We played two videos taken a year apart, August 2020 and August 2021 of three different situations for Ann - walking outside with a cane, walking down a hallway in our house and turning around and moving several times in our kitchen (as you would in meal preparation activities).

 

In general the Neurologist was pleased with the flexibility and balance issues and the lack of any significant deterioration as shown by the videos.

It was agreed that I would continue to take these videos to record the three activities of walking outside, negotiating a hallway and moving in a kitchen.

 

In terms of our stated concerns and issues, the Neurologist's reactions were:

 

Left Hand Tremor

 

Not too concerned with the Left Hand Tremor - i.e. it is not severe at this time.  But commented that Ann had Dystonia in the hands. No recommended action at this time.

 

Lower Energy Levels

 

She was fairly concerned about Lower Energy Levels and the Restless Leg Syndrome (RLS), which was not on our discussion list, but came out in her probing and gnawing on comments during the discussion.
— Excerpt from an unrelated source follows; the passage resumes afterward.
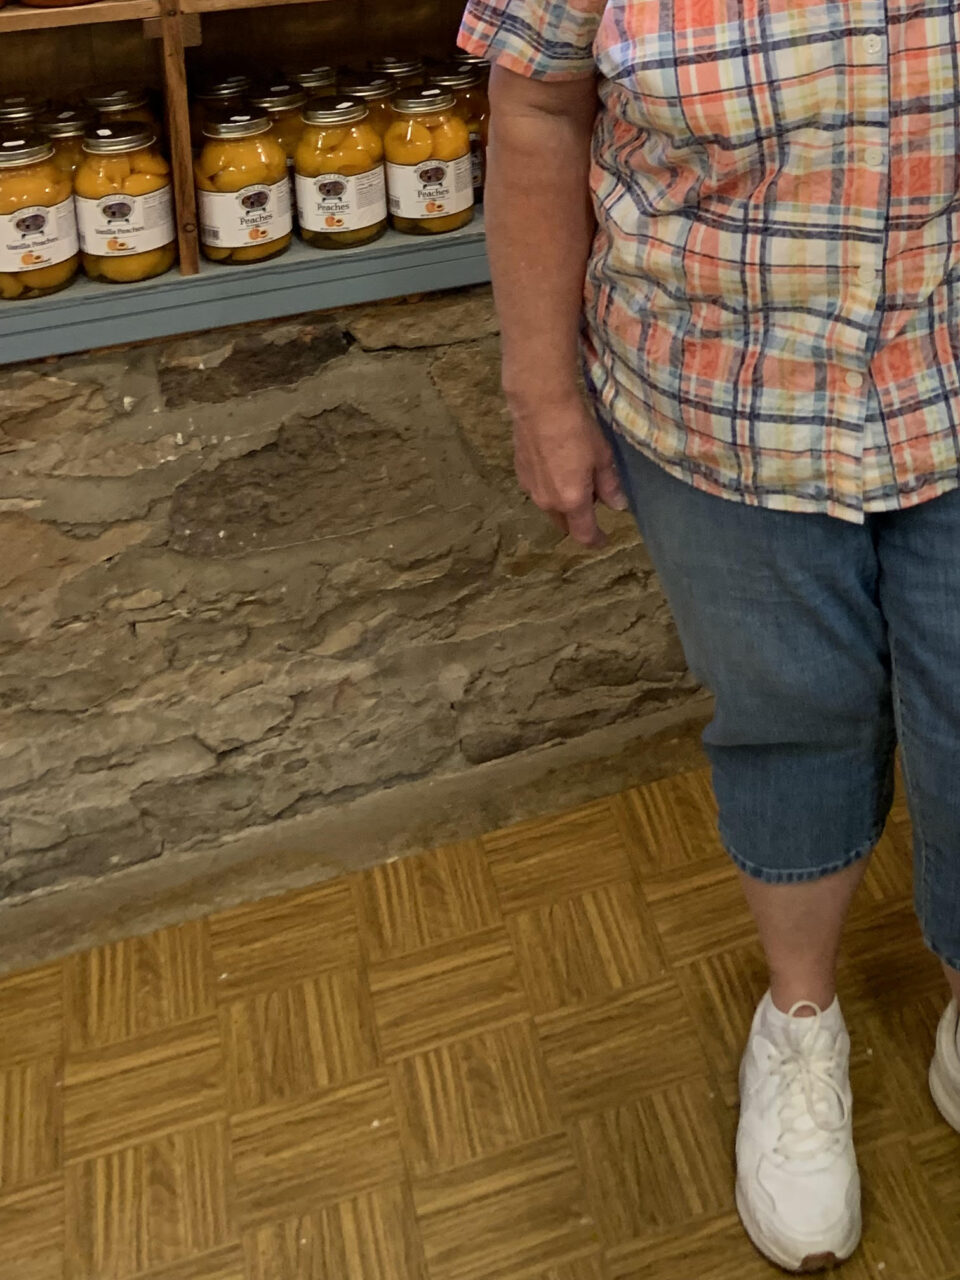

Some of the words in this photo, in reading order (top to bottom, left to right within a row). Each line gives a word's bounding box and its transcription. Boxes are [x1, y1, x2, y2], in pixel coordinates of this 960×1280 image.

[417, 189, 450, 198] Peaches
[317, 203, 350, 211] Peaches
[240, 213, 273, 225] Peaches
Our Neurologist is a relentless gnawer when she latches onto something that she sees as being important in PD (Parkinson's Disease).

 

We had been happy with the reduction in night time leg pains, and the resulting disrupted sleep, being achieved with the 400mg Magnesium capsules.

 

Not so our Neurologist.!

 

She then discussed Sifrol (Pramipexole dihydrochlor) - a standard drug used in PD (and other areas) for the treatment of RLS.

We mentioned that Ann had been on Sifrol in the past, but a long time ago. (We did not have those notes with us, but located them when we returned home. Ann had been on Sifrol in the period Jan to May 2013.

 

In the end, she prescribed Sifrol for the Restless Leg Syndrome - starting at the lowest dose and wanting another consult in three months time to monitor progress.

 

Constipation

 

For the constipation issue, she made a tweak to how that is being treated by adding back Movicol, a standard stool softener to Ann's regime of Coloxyl with Senna - which is a dual-action laxative containing two active ingredients docusate sodium and sennosides (senna).

 

The docusate helps soften stools while the senna stimulates bowels to contract, helping to push the stool out.

(We both now know more about poop that we ever wanted to know !!!)

 

However, constipation is a MAJOR issue with PD and, apart from the normal danger of impacted bowels, it severely inhibits the uptake of Levodopa to the brain - and Levodopa is the so called Gold Standard drug used world wide in the treatment of PD.

 

So, constipation just has to be managed properly, and for PWPD, it is just a normal part of the process of managing PD.

 

Saliva and Film

 

For the Saliva and Film issues, the Neurologist had nothing further to add to the recommended action of the Ear Nose and Throat Specialist we saw on Monday last, August 30th, 2021.

 

The Next Steps

 

Ann is to modify her Constipation management by adding back Movicol.

Ann is to start taking low dosage Sifrol

 

The Neurologist wants to monitor the results of Sifrol, so our next appointment is set for December 20th, 2021 - in just under 4 months from now.

 

Conclusion

 

Overall, Ann is delighted with the Neurologist consultation and, added to the excellent consultation she had on Monday with the Ear Nose and Throat Specialist, it has been very good week indeed.

 

PS From Ann Harriett herself !

 

Thanks to Michael J Fox’s team, I am well versed in cognitive testing as each quarter in the year, I participate in a MJFF-funded long term study when people living with Parkinson's answer questions about how it is all going. The final bit is always cognitive testing, so I was no stranger this morning to the process Rex mentioned in the main note about our visit to the Neurologist.

 

Surprise, the same test that gets me every time in the MJFF study did the same this morning.

 

The Practice Nurse read a sentence and asked me to recall it after a short delay— am sure you get the drift.

Do you think I could remember the sentence which was about going to church in a red dress, seeing a rose somewhere along the way? Not on your Nellie. Guess no worse, no better. At least I knew what day of the week today is and the date— 1st Day of Spring in Australia…… Easy Peasy.